WHAT THE EXERCISE ASKS
Could you write out every record below exactly, leaving the pictures out?
== == ==
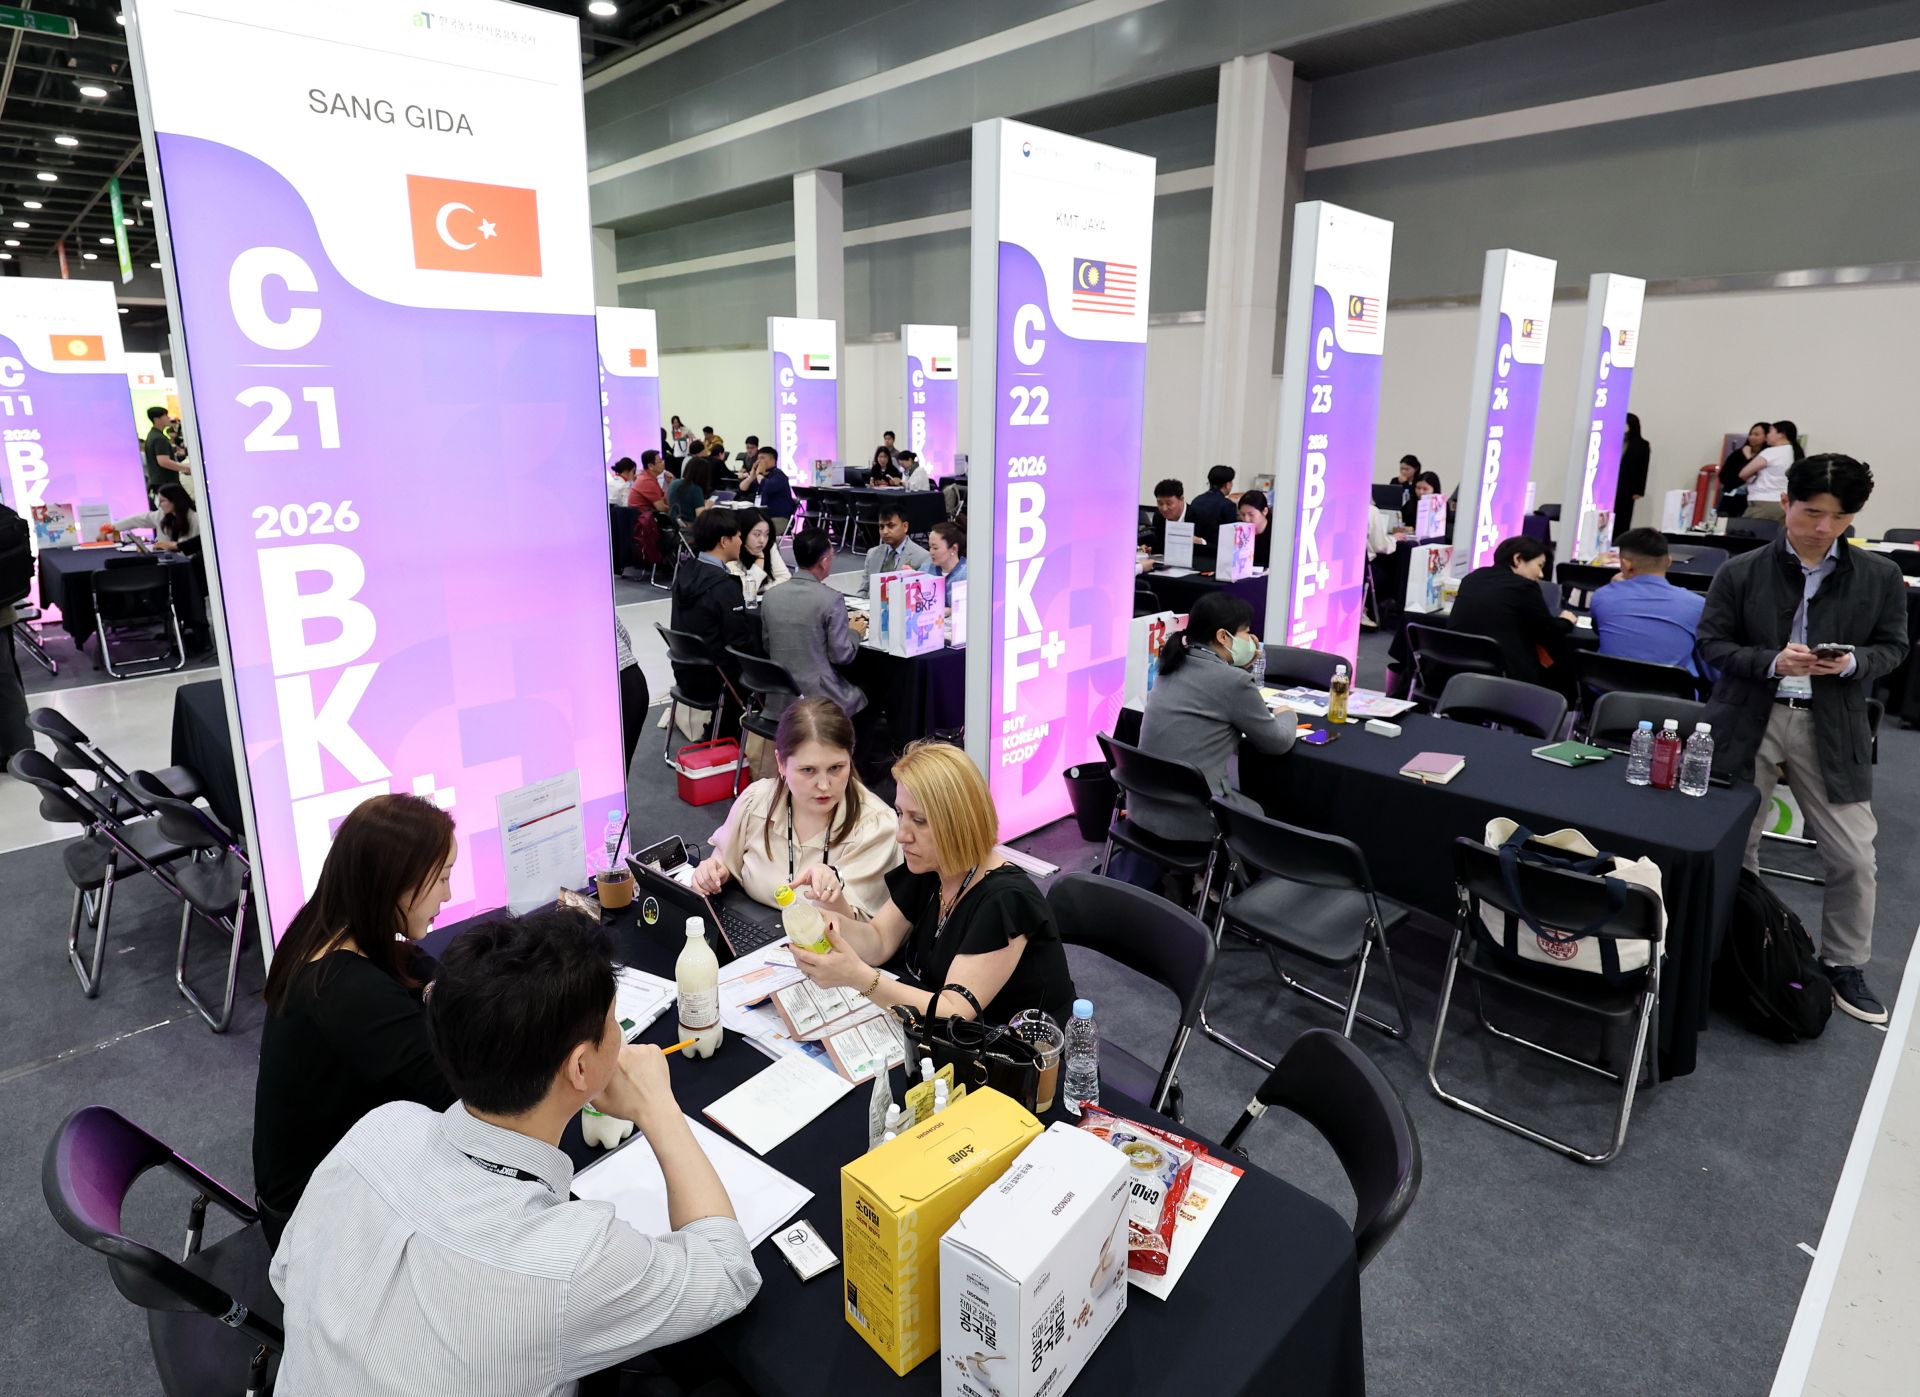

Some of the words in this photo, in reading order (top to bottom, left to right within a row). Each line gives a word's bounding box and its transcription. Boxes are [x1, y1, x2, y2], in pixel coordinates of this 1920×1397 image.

[308, 88, 395, 125] SANG
[404, 104, 474, 137] GIDA
[228, 246, 323, 351] C
[1013, 303, 1047, 367] C
[1315, 326, 1334, 371] C
[0, 356, 26, 388] C
[1498, 343, 1512, 378] C
[1600, 351, 1611, 381] C
[780, 367, 794, 388] C
[912, 369, 924, 388] C
[0, 395, 34, 416] 11
[780, 391, 798, 406] 14
[912, 391, 926, 404] 15
[1009, 385, 1050, 426] 22
[1310, 384, 1333, 413] 23
[234, 385, 341, 452] 21
[3, 429, 42, 441] 2026
[1007, 455, 1048, 479] 2026
[251, 499, 361, 540] 2026
[1002, 713, 1027, 735] BUY
[1002, 722, 1050, 751] KOREAN
[1051, 1191, 1076, 1217] ODONGRI
[1131, 1183, 1160, 1206] COLD
[898, 1208, 920, 1366] SOYMEAL
[960, 1297, 977, 1317] 진하고
[959, 1309, 997, 1351] 콩국물
[1031, 1310, 1065, 1373] 콩국물
== == ==
RESPONSE TO THIS TASK
Some of the words in this photo, in reading order (top to bottom, left to right within a row). Each line gives a word's bounding box and its transcription. Boxes are [x1, y1, x2, y2], in pixel coordinates of this 1920×1397 image.

[308, 88, 395, 125] SANG
[404, 104, 474, 137] GIDA
[228, 246, 323, 351] C
[1013, 303, 1047, 367] C
[1315, 326, 1334, 371] C
[0, 356, 26, 388] C
[1498, 343, 1512, 378] C
[1600, 351, 1611, 381] C
[780, 367, 794, 388] C
[912, 369, 924, 388] C
[0, 395, 34, 416] 11
[780, 391, 798, 406] 14
[912, 391, 926, 404] 15
[1009, 385, 1050, 426] 22
[1310, 384, 1333, 413] 23
[234, 385, 341, 452] 21
[3, 429, 42, 441] 2026
[1007, 455, 1048, 479] 2026
[251, 499, 361, 540] 2026
[1002, 713, 1027, 735] BUY
[1002, 722, 1050, 751] KOREAN
[1051, 1191, 1076, 1217] ODONGRI
[1131, 1183, 1160, 1206] COLD
[898, 1208, 920, 1366] SOYMEAL
[960, 1297, 977, 1317] 진하고
[959, 1309, 997, 1351] 콩국물
[1031, 1310, 1065, 1373] 콩국물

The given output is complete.